The sound of silence

Today’s Wall Street Journal Leisure and Arts page features a remarkable article by Iraqi immigrant Ayad Rahim about the visit of the Iraqi National Symphony Orchestra to Washington this week. The Journal assigned Rahim to write an advance article several weeks ago.
The Symphony Orchestra’s visit was arranged by the State Department and the performance occurred this past Tuesday at the Kennedy Center. The concert included Maestro Leonard Slatkin, the (American) National Symphony Orchestra and cellist Yo-Yo Ma. President and Mrs. Bush, Secretary of State Colin Powell and Secretary of Defense Donald Rumsfeld were in attendance.

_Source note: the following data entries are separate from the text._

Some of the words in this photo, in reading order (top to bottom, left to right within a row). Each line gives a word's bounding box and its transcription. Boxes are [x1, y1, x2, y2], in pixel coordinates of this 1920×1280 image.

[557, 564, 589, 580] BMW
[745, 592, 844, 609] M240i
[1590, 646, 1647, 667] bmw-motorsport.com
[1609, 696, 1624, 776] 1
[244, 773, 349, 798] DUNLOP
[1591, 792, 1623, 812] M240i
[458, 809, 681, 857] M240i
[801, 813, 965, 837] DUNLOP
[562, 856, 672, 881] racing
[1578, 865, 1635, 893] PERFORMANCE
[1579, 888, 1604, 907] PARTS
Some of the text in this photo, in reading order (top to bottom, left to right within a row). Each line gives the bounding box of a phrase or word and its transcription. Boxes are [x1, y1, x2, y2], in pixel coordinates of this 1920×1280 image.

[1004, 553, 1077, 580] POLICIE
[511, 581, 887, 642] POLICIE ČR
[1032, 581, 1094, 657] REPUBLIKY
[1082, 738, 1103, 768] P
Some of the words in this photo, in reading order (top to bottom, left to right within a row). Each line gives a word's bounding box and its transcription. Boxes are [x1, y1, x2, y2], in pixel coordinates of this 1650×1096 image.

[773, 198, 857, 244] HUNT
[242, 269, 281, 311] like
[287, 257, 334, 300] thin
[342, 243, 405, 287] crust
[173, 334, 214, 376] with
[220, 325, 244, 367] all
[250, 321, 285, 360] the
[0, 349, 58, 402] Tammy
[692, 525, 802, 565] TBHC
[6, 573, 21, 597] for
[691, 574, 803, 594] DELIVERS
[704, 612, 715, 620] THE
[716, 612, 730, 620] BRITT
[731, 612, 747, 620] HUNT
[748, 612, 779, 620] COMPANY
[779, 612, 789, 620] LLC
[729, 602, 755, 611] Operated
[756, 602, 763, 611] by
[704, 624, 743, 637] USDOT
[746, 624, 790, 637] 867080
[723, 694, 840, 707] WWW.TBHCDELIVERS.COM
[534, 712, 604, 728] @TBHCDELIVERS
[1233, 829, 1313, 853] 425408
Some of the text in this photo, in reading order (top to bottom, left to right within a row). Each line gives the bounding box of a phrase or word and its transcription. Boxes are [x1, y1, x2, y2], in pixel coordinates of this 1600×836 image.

Thirty years ago the Sunday New York Times Arts section published a brilliant essay by Hilton Kramer on the Hollywood blacklist. In the intervening 30 years I don’t think I have read an article on a newspaper arts page that so illuminates a political phenomenon.
The phenomenon illuminated by Rahim’s article is an aspect of the State Department culture that Deacon describes in “Momentous nonsense and its enabler in the Clinton adminstration” below. Rahim’s article is “The Iraqi Orchestra is here.”
As Rahim says at the outset of his article, this was to be a good news story for the government. “[Y]ou’d have thought that people at the State Department and the Kennedy Center would have been falling over themselves in the weeks before the concert to arrange media access. Instead, they acted more as if they had defectors from the North Korea Symphony Orchestra on their hands and as if the slightest press exposure would trigger an international incident.”
Rahim was unable to arrange interviews with the members of the Symphony that were necessary to complete his assigned article. Thus his piece is a retrospective on the obstacles placed in his path rather than an advance highlighting the Symphony Orchestra’s impending visit. Don’t miss this one!